===== Provided data =====

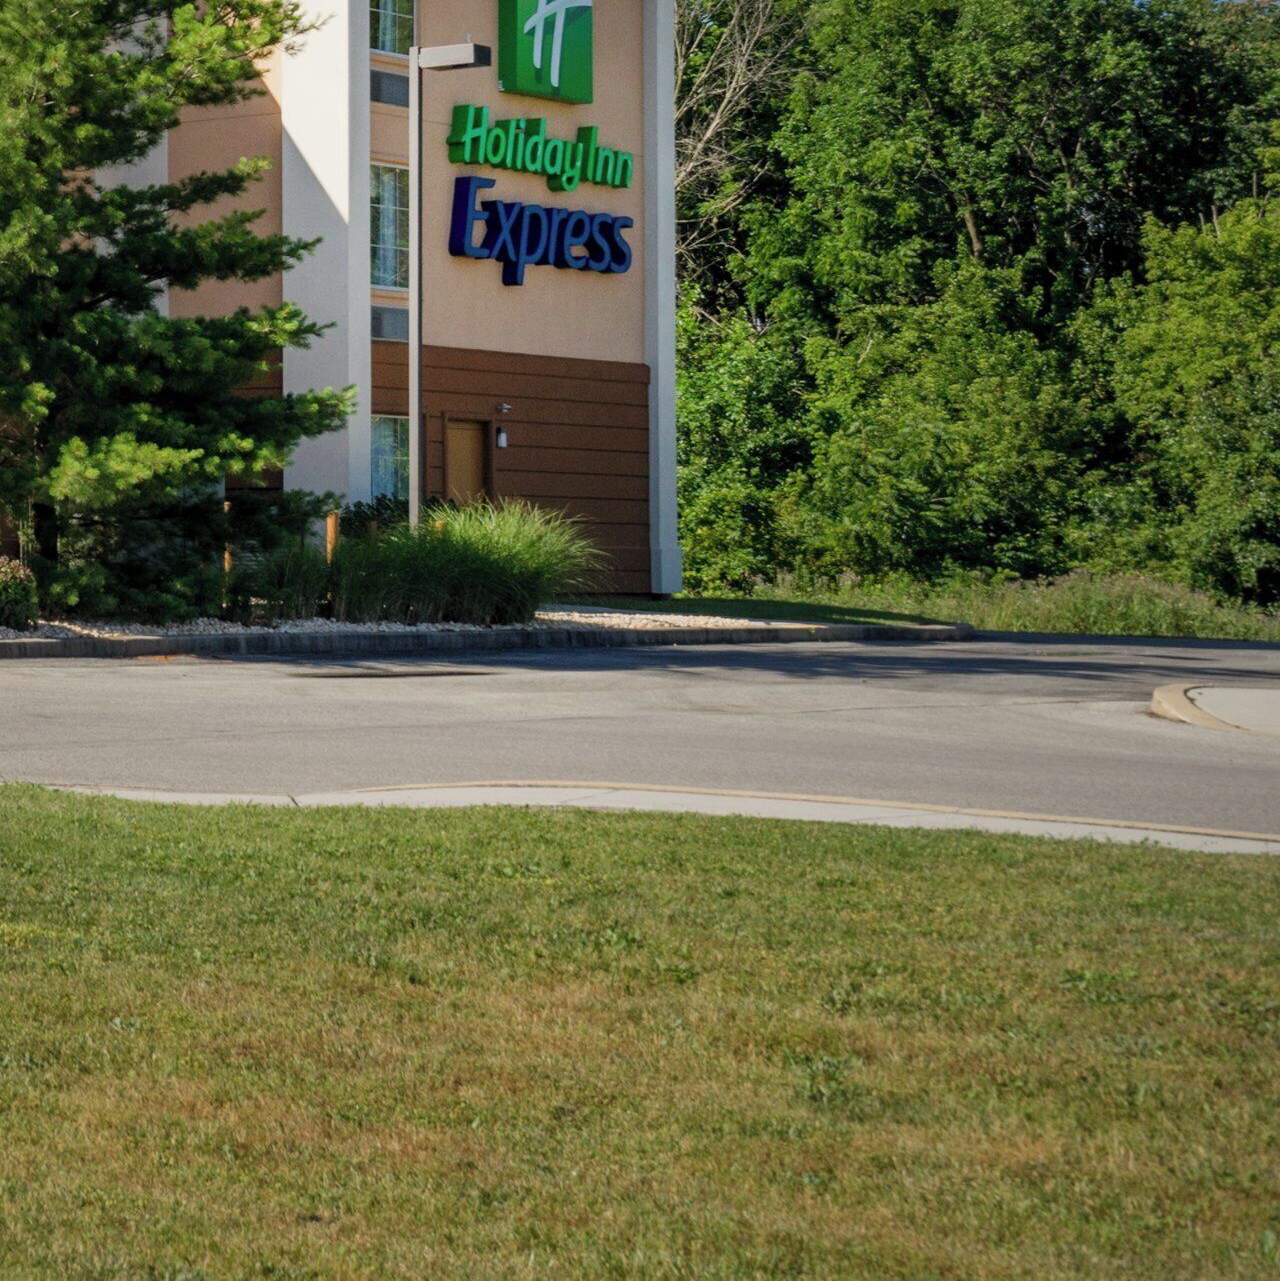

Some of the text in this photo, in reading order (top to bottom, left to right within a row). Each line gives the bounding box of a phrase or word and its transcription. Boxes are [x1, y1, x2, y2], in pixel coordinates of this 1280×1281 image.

[455, 104, 634, 192] Holiday Inn
[455, 175, 634, 287] Express
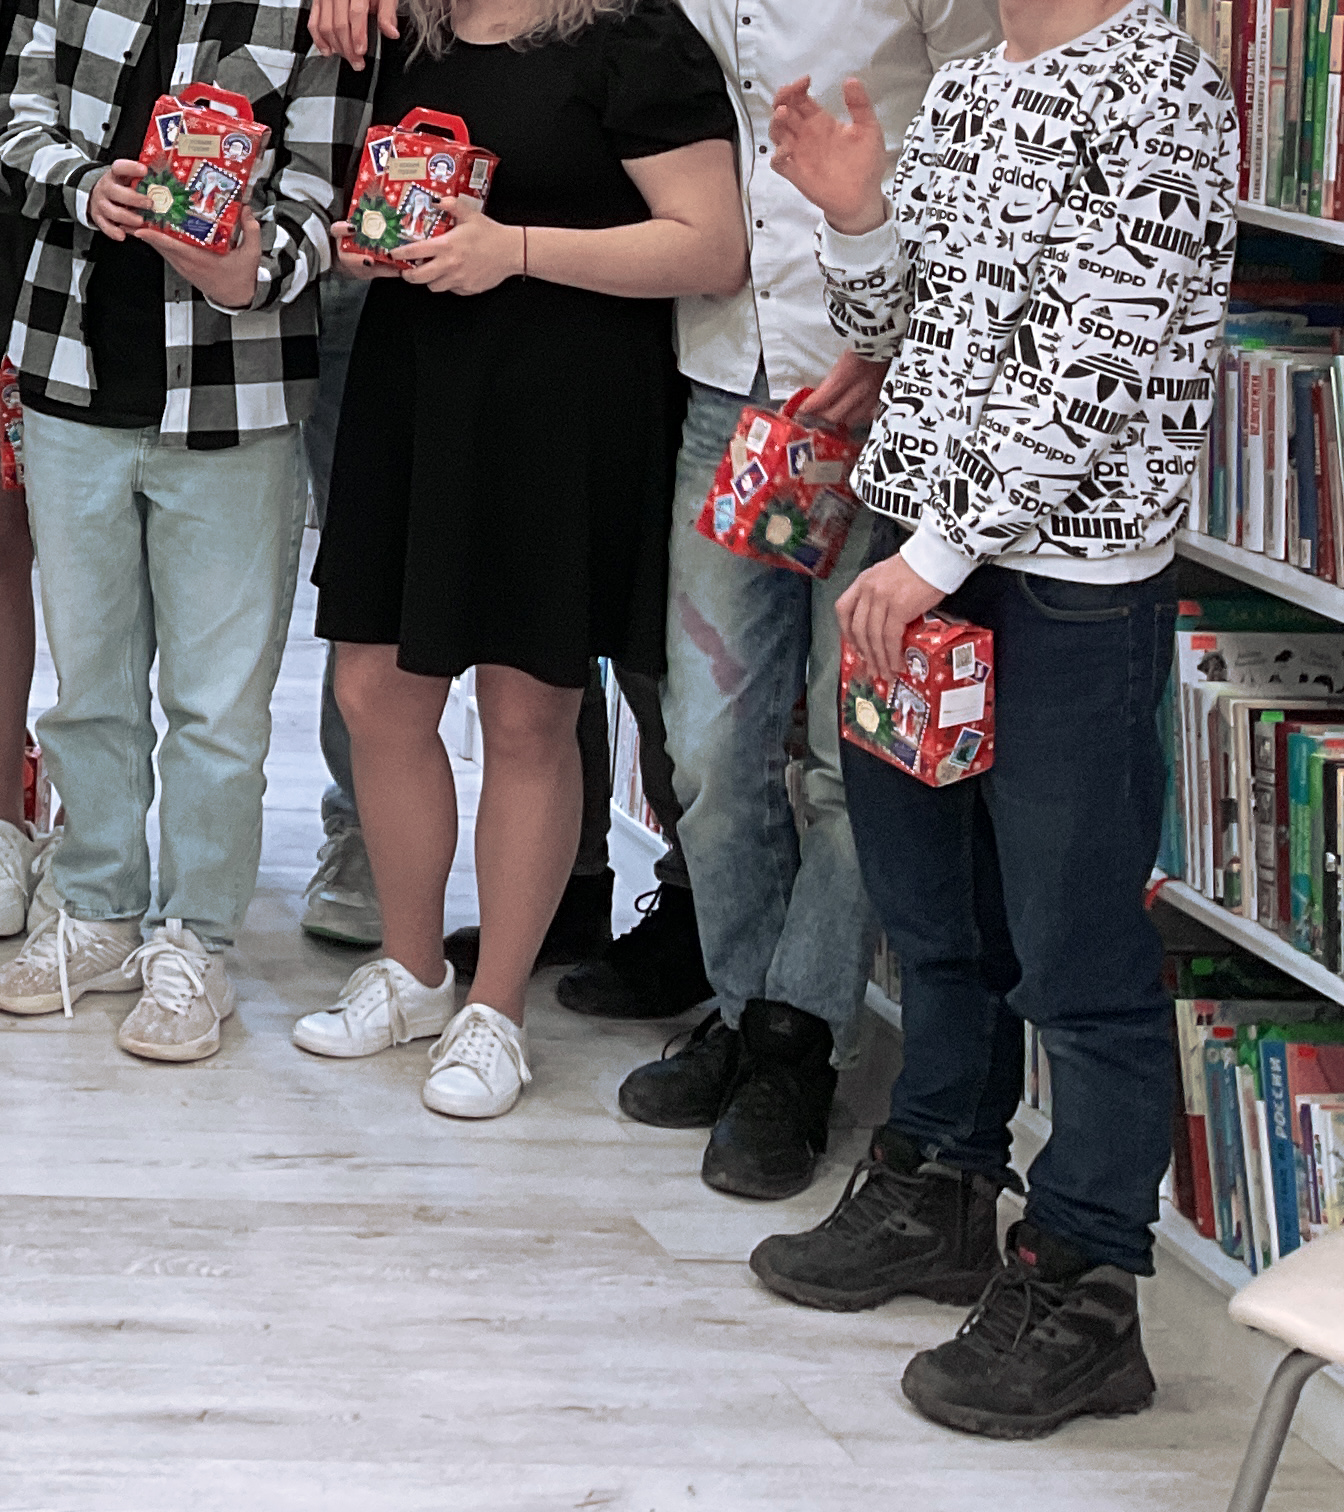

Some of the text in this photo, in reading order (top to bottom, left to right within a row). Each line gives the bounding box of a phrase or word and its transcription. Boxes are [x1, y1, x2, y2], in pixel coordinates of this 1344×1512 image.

[1012, 87, 1074, 119] PUMA
[1078, 257, 1146, 288] adidas
[1146, 376, 1210, 401] PUMA
[1012, 431, 1076, 465] adidas
[1051, 514, 1141, 540] PUMA
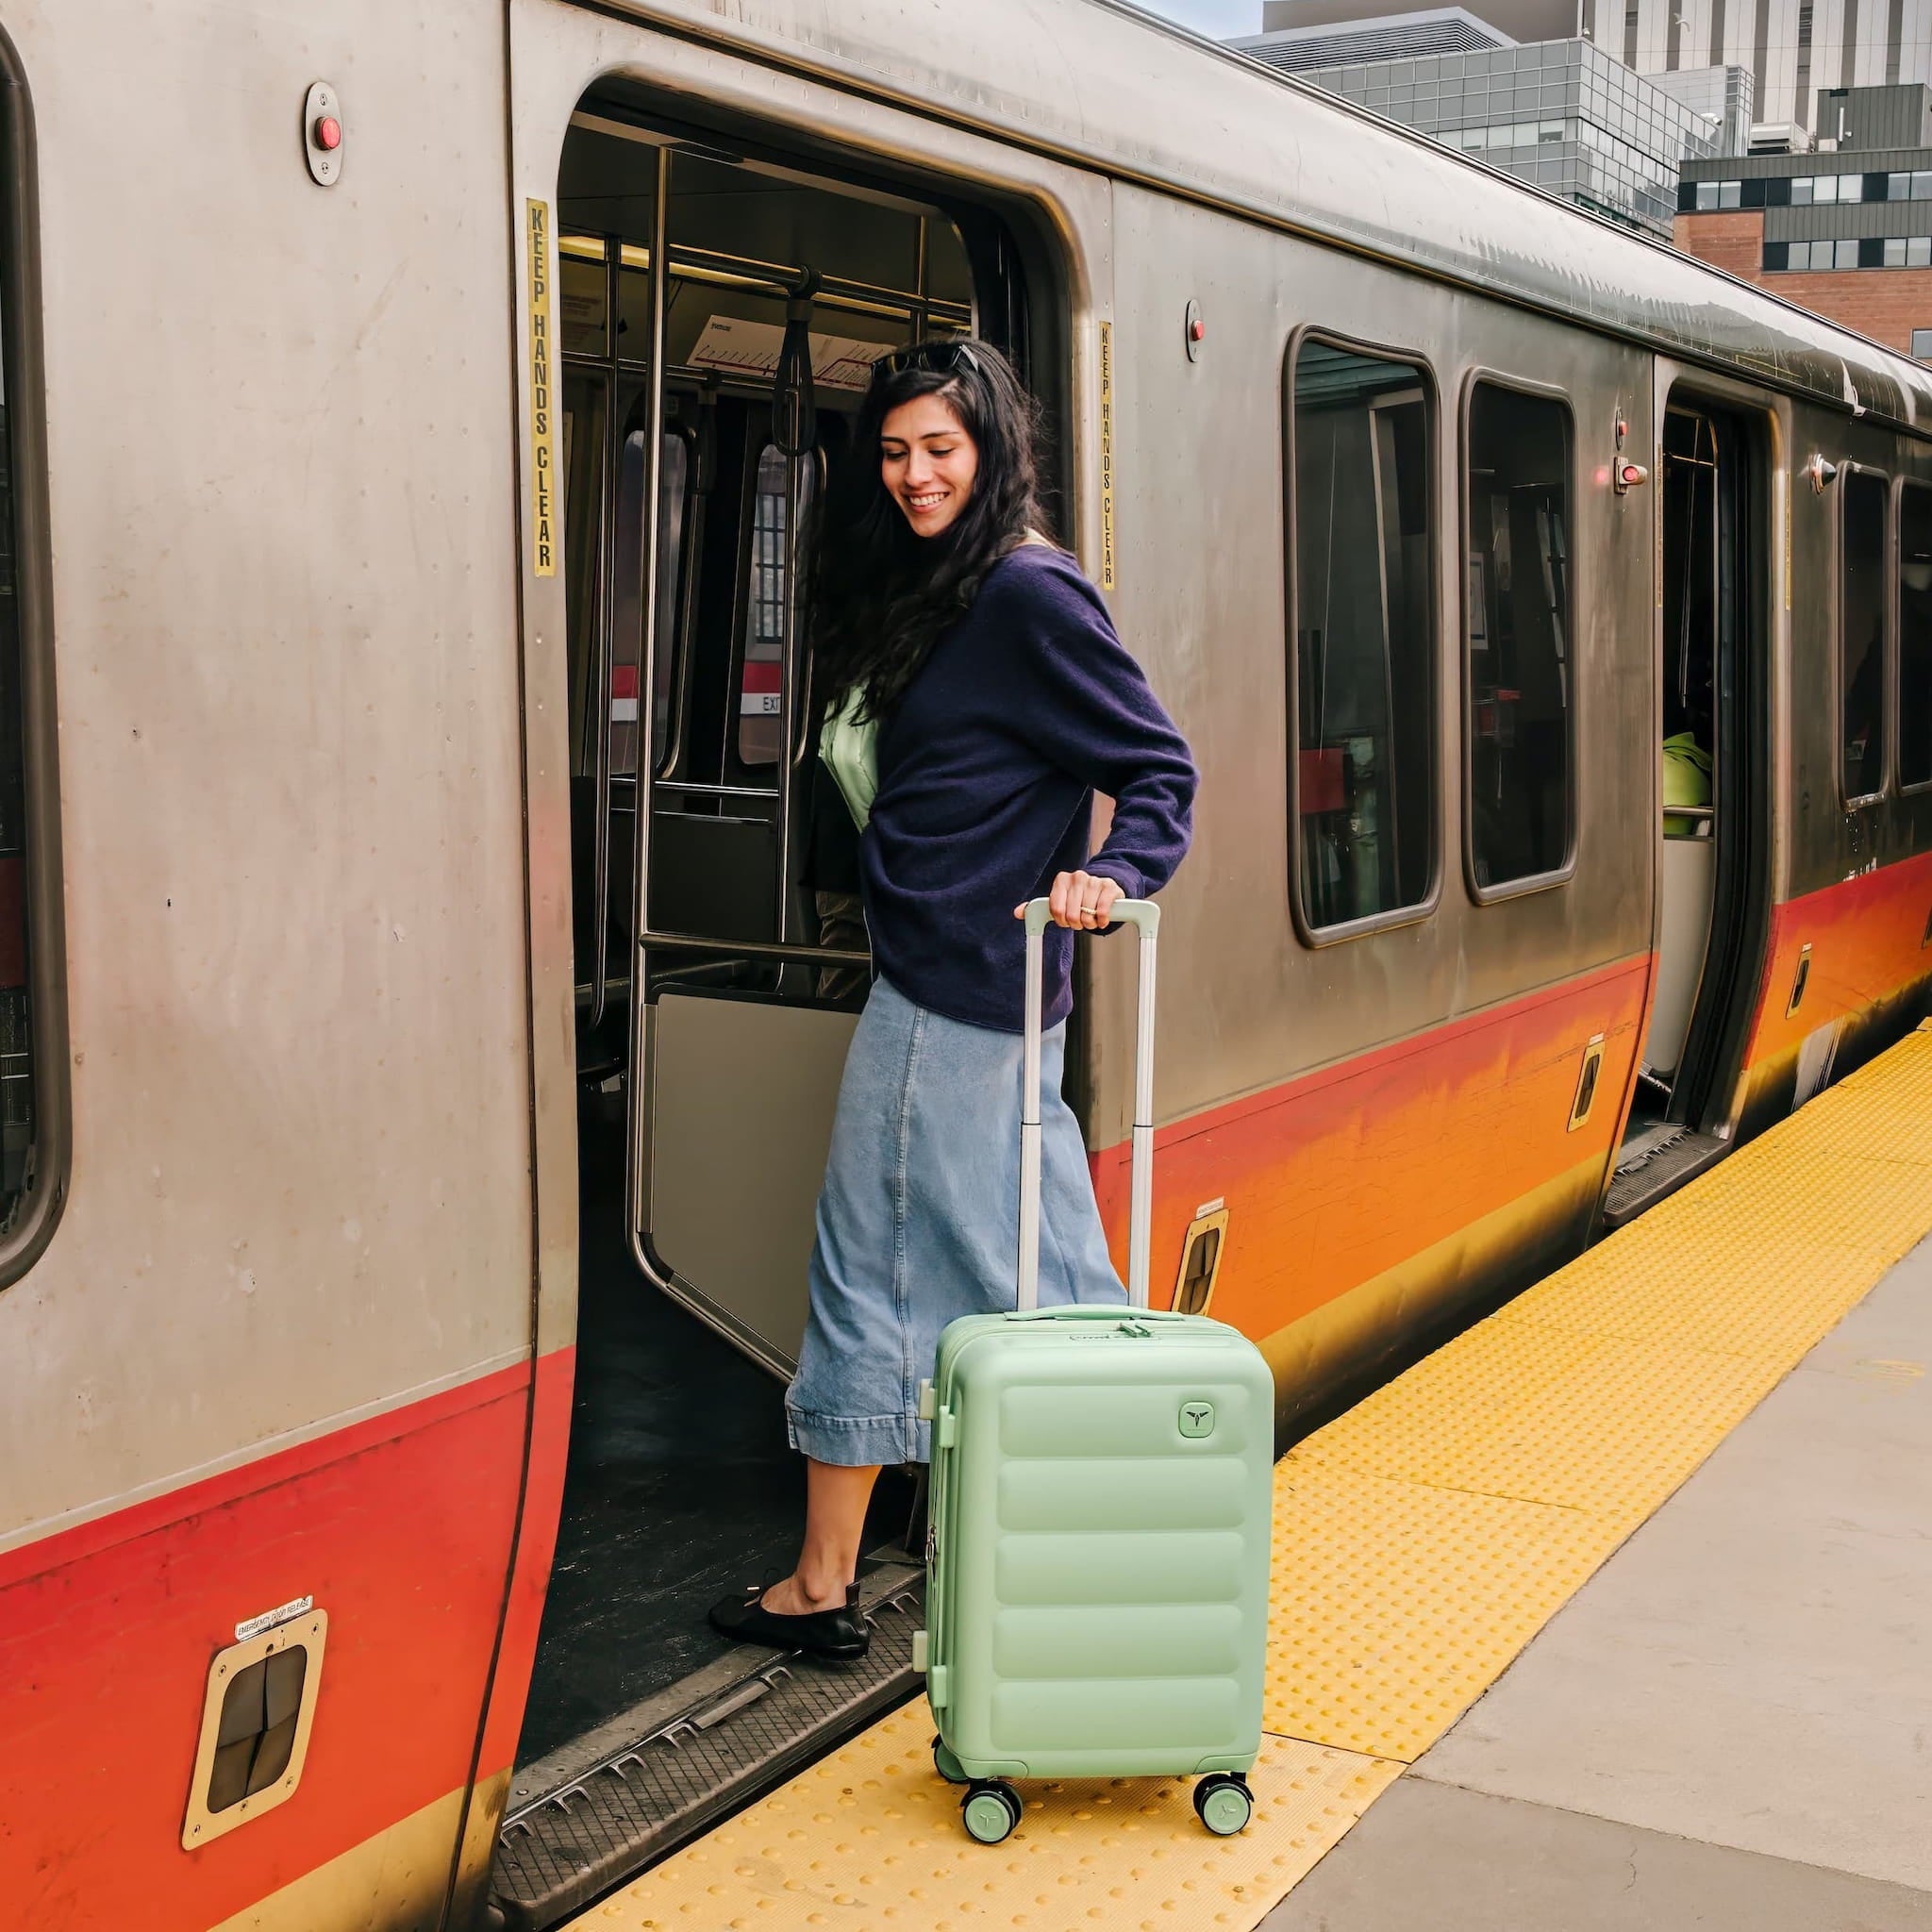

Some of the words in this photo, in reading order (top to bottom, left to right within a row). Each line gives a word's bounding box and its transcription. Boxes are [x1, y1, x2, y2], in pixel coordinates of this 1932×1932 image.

=====

→ Exercise
Each line of the data should be printed again exactly. Please leave pictures out.

→ Answer for the task
Some of the text in this photo, in reading order (top to bottom, left to right within a row). Each line gives the bounding box of a phrase or word and its transcription. Boxes are [x1, y1, x2, y2], in pixel coordinates of this 1280×1281 image.

[455, 104, 634, 192] Holiday Inn
[455, 175, 634, 287] Express

Some of the text in this photo, in reading order (top to bottom, left to right within a row). Each line gives the bounding box of a phrase or word and its transcription. Boxes are [x1, y1, x2, y2], in pixel coordinates of this 1344×1512 image.

[1012, 87, 1074, 119] PUMA
[1078, 257, 1146, 288] adidas
[1146, 376, 1210, 401] PUMA
[1012, 431, 1076, 465] adidas
[1051, 514, 1141, 540] PUMA

Some of the words in this photo, in reading order (top to bottom, left to right within a row). Each line gives a word's bounding box and its transcription. Boxes are [x1, y1, x2, y2], in pixel coordinates of this 1932×1932 image.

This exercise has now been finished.